All of the listing below must be repeated word for word. Pictures are the only thing to omit.

★ ★ ★ ★ ★

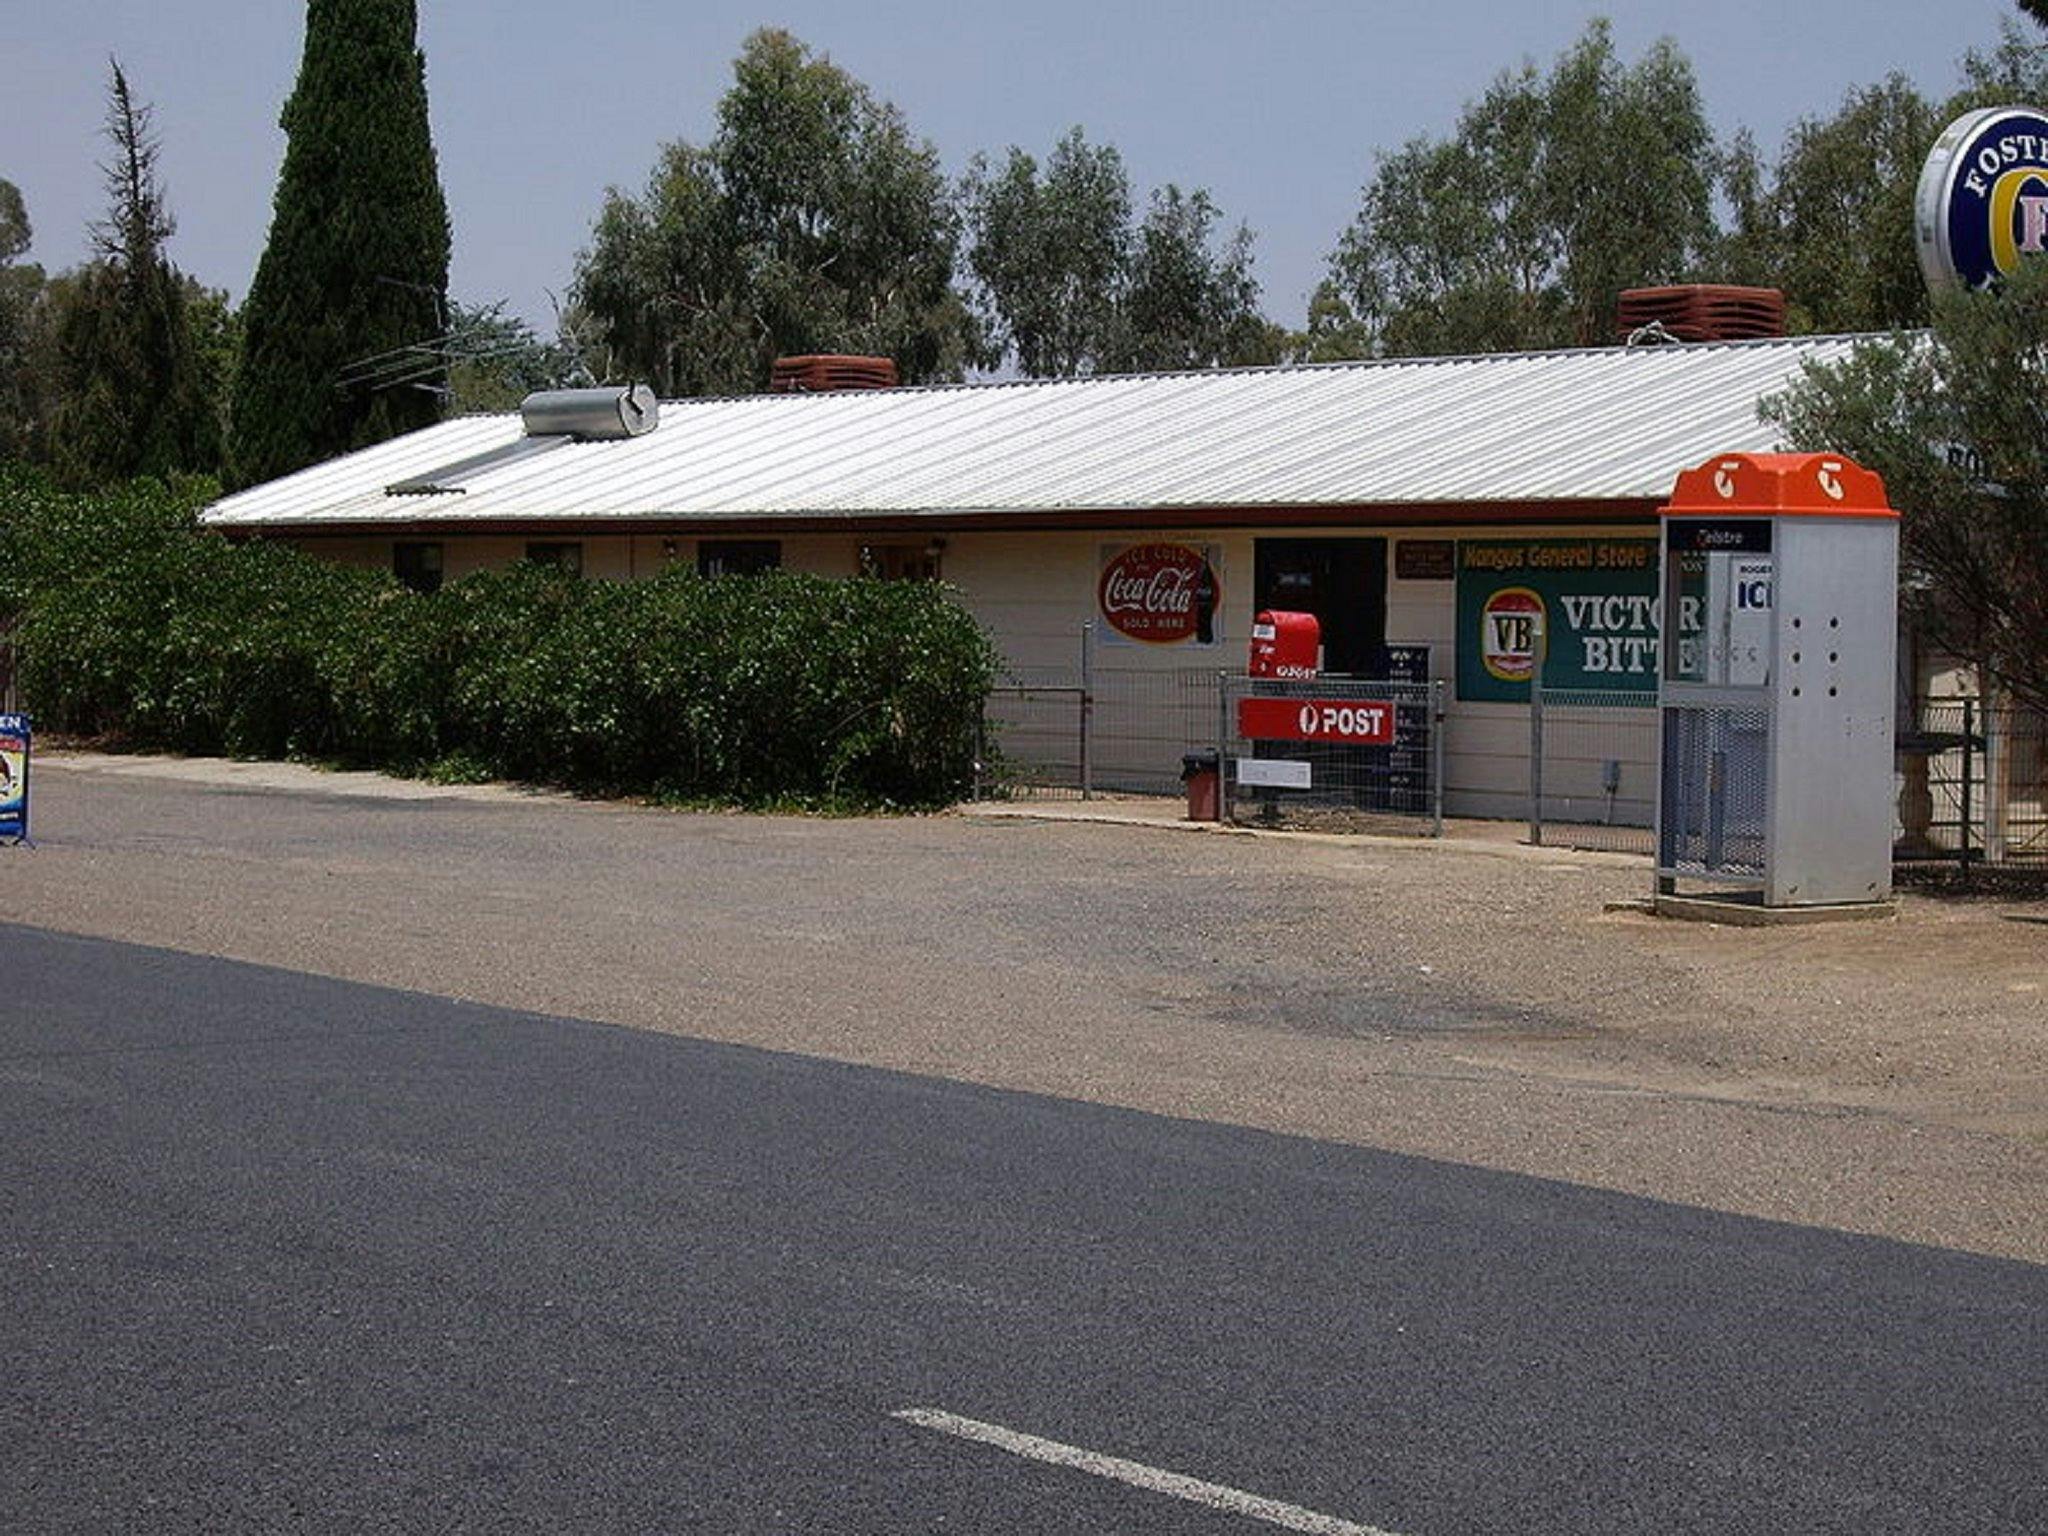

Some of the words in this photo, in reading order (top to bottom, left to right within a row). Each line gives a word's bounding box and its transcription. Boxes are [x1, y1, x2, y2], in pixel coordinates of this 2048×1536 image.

[1699, 529, 1743, 544] Telstra
[1527, 545, 1592, 567] General
[1597, 545, 1648, 567] Store
[1492, 615, 1533, 651] VB
[1323, 708, 1384, 736] POST
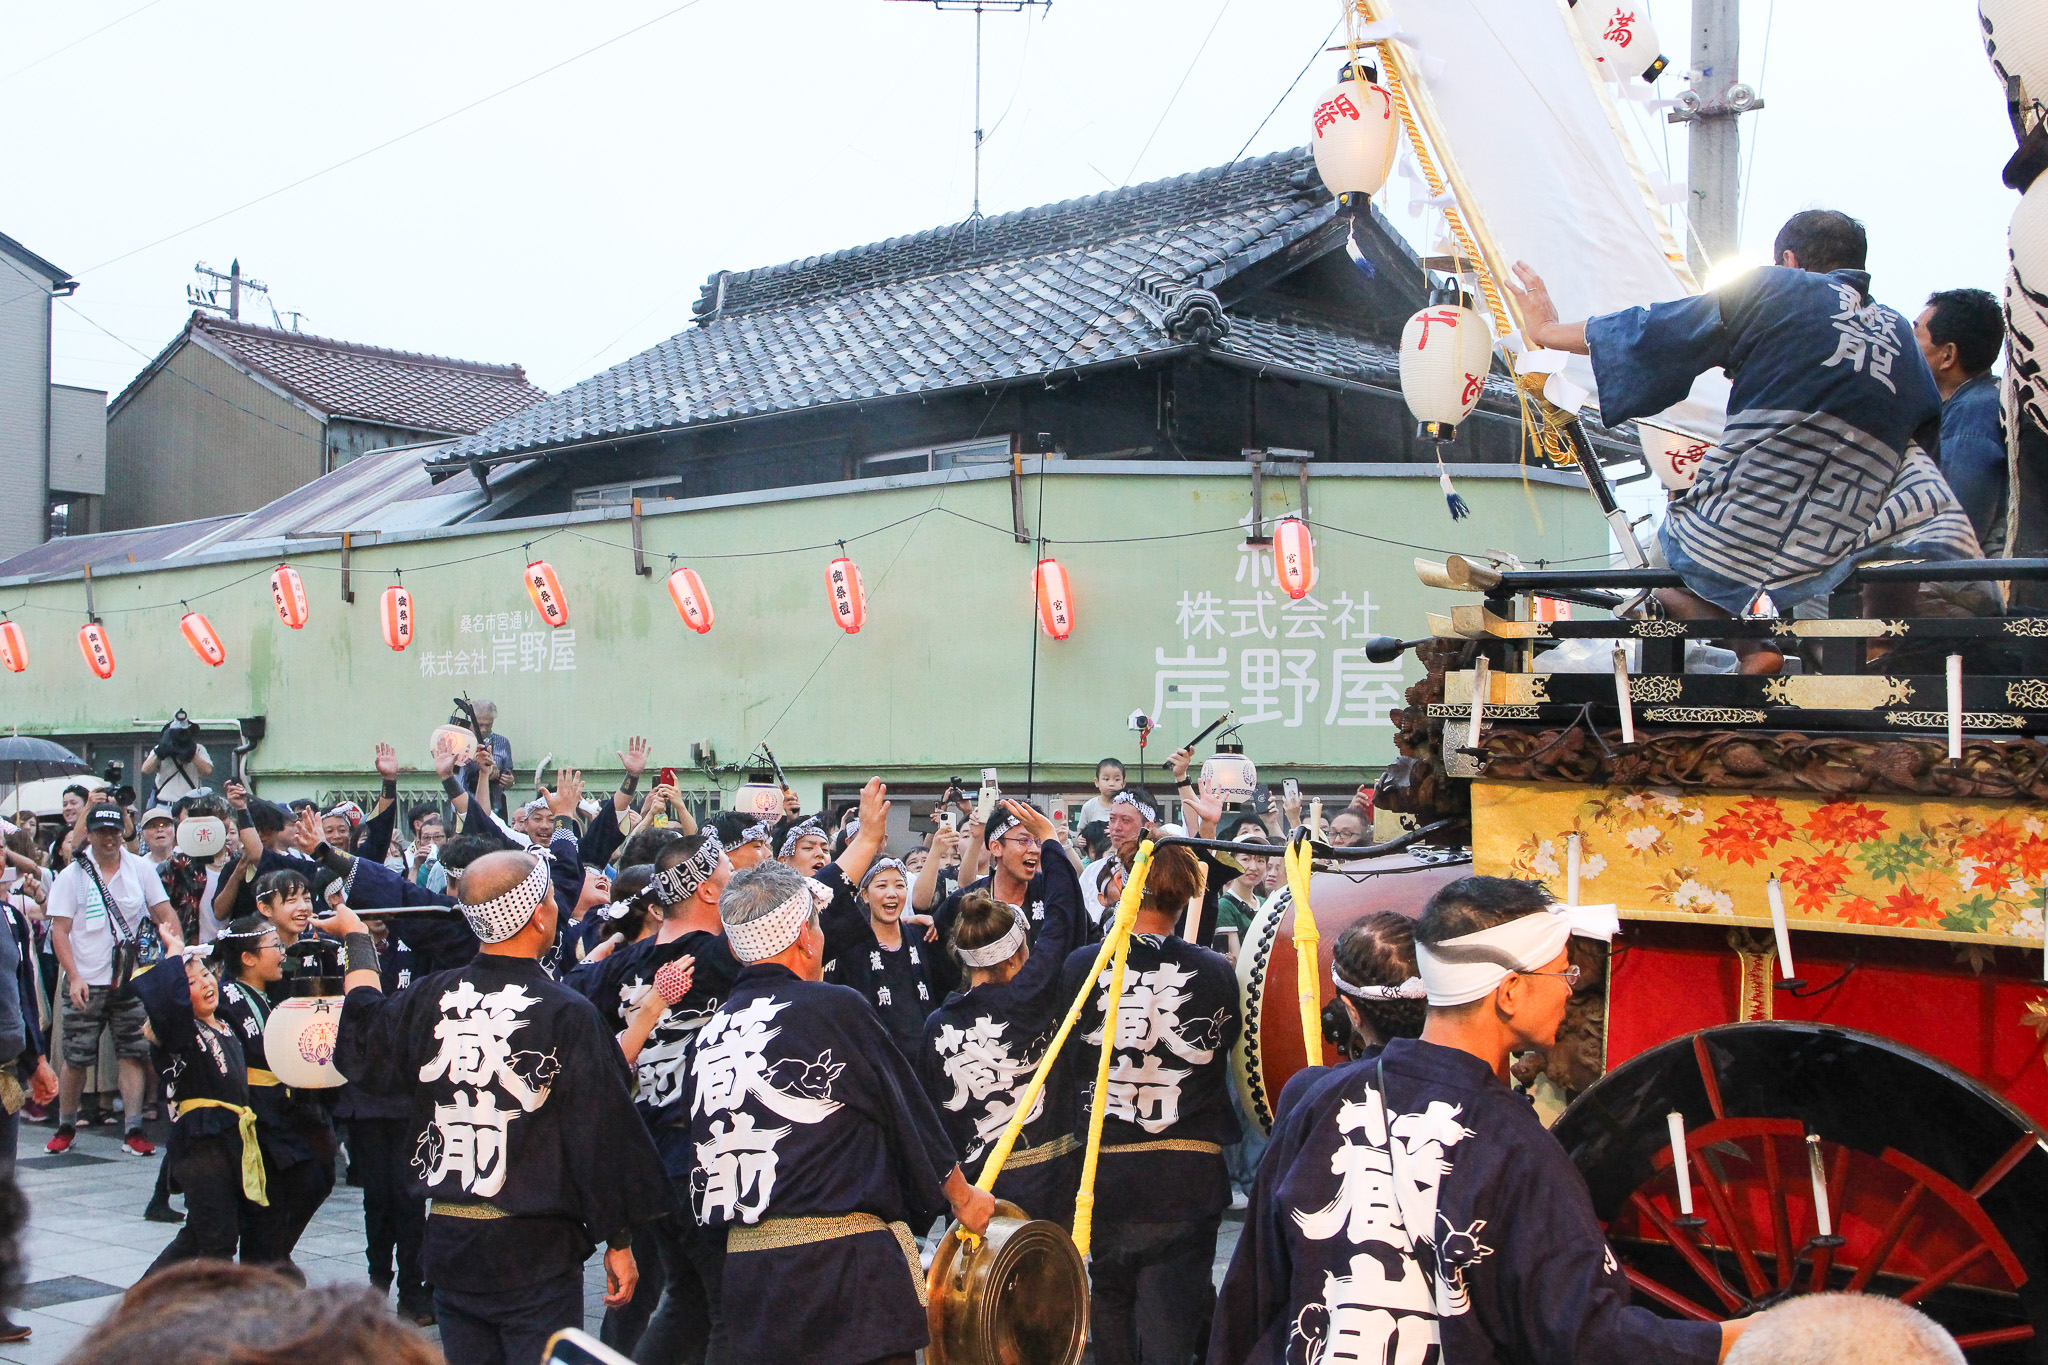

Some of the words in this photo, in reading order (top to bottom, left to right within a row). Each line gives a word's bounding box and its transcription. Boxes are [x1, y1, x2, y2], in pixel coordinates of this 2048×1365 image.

[460, 610, 534, 634] 桑名市宮通り
[1175, 590, 1382, 640] 株式会社
[1150, 644, 1405, 728] 岸野屋
[222, 983, 260, 1039] 蔵前
[870, 951, 892, 1007] 蔵前
[1081, 960, 1214, 1134] 蔵前
[418, 978, 551, 1198] 蔵前
[690, 994, 846, 1225] 蔵前
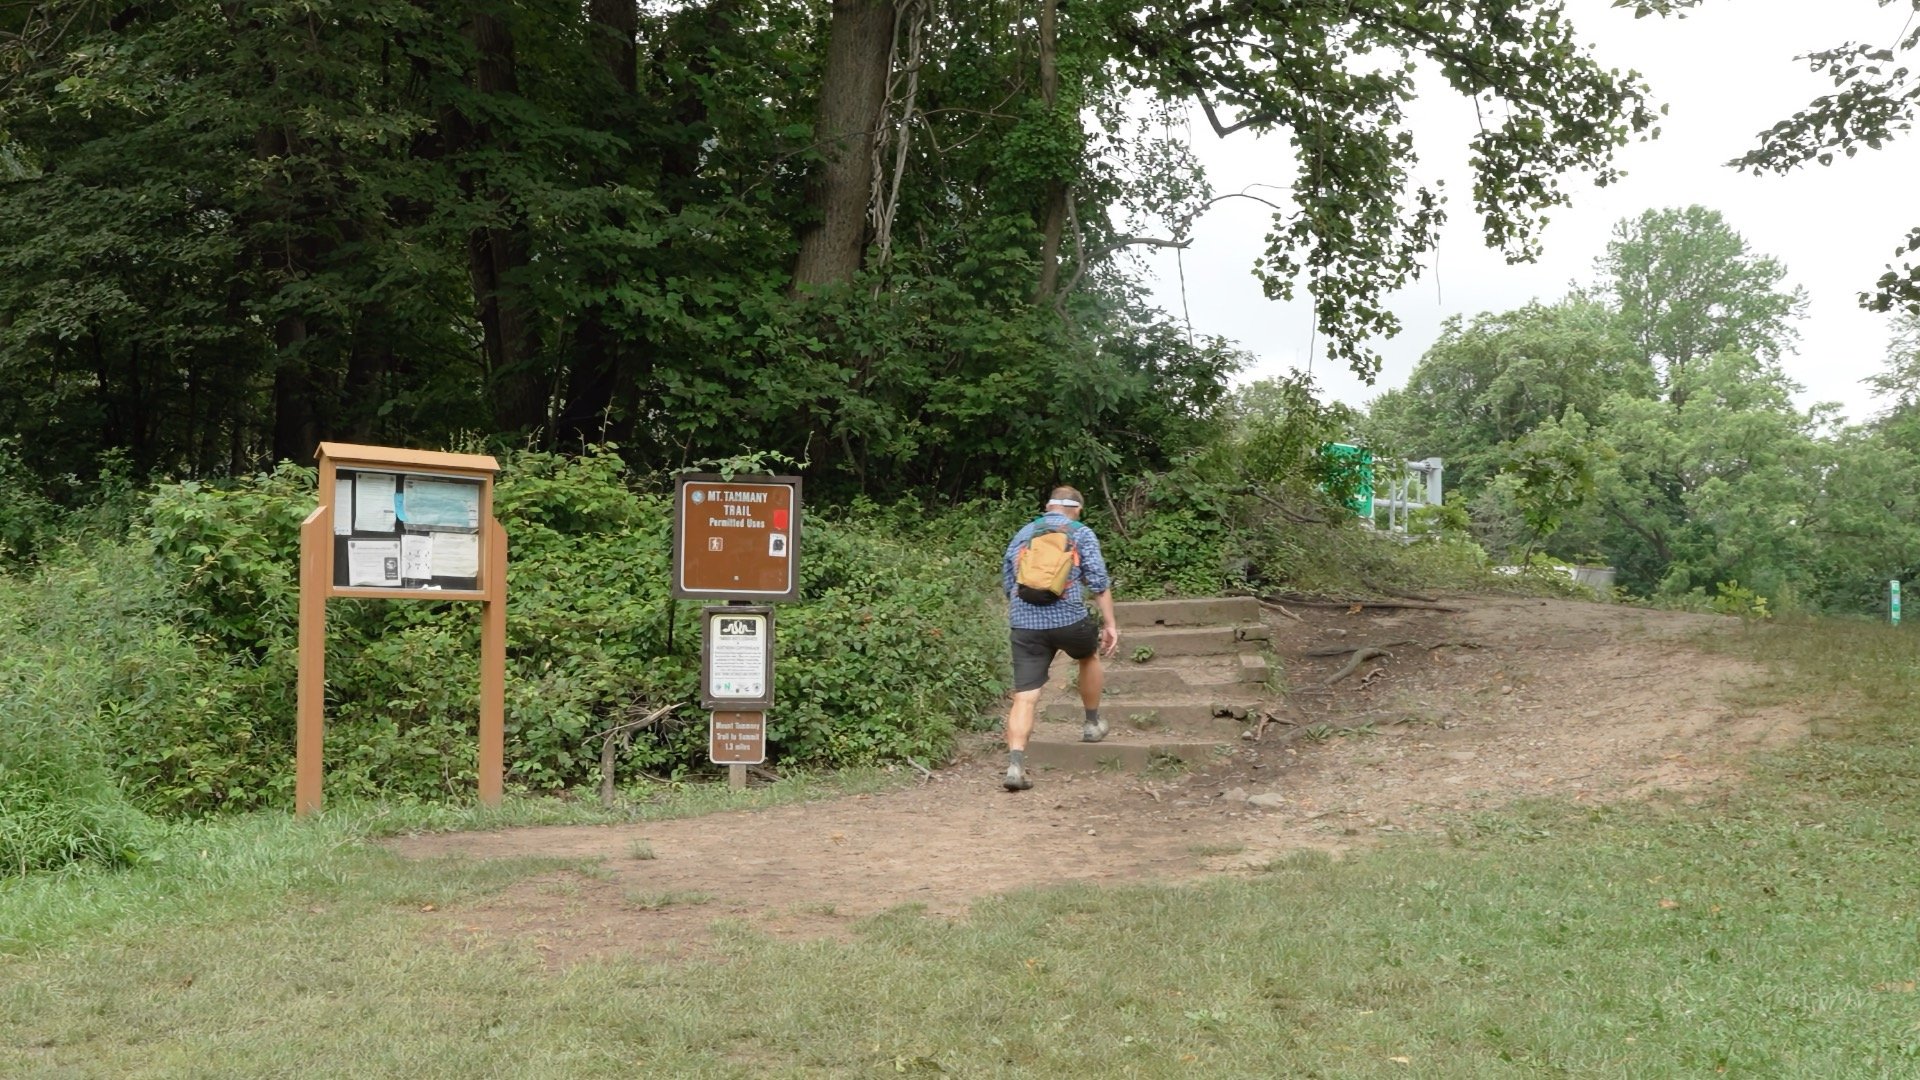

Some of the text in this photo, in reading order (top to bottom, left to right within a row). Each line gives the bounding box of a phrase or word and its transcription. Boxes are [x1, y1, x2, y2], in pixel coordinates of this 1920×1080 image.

★ ★ ★ ★ ★

Solution to this problem:
Some of the words in this photo, in reading order (top to bottom, left to right within a row). Each line gives a word's bounding box and its transcription. Boxes are [x1, y1, x2, y2], in pixel coordinates of this 2048×1536 image.

[1699, 529, 1743, 544] Telstra
[1527, 545, 1592, 567] General
[1597, 545, 1648, 567] Store
[1492, 615, 1533, 651] VB
[1323, 708, 1384, 736] POST

Some of the words in this photo, in reading order (top to bottom, left to right within a row). Each line gives a word's bounding box and its transcription. Boxes are [x1, y1, x2, y2], in pixel coordinates of this 2048×1365 image.

[460, 610, 534, 634] 桑名市宮通り
[1175, 590, 1382, 640] 株式会社
[1150, 644, 1405, 728] 岸野屋
[222, 983, 260, 1039] 蔵前
[870, 951, 892, 1007] 蔵前
[1081, 960, 1214, 1134] 蔵前
[418, 978, 551, 1198] 蔵前
[690, 994, 846, 1225] 蔵前

Some of the text in this photo, in reading order (top to bottom, left to right within a row). Each line gives the bounding box of a phrase or word and its transcription. Boxes are [x1, y1, x2, y2], in pixel coordinates of this 1920×1080 image.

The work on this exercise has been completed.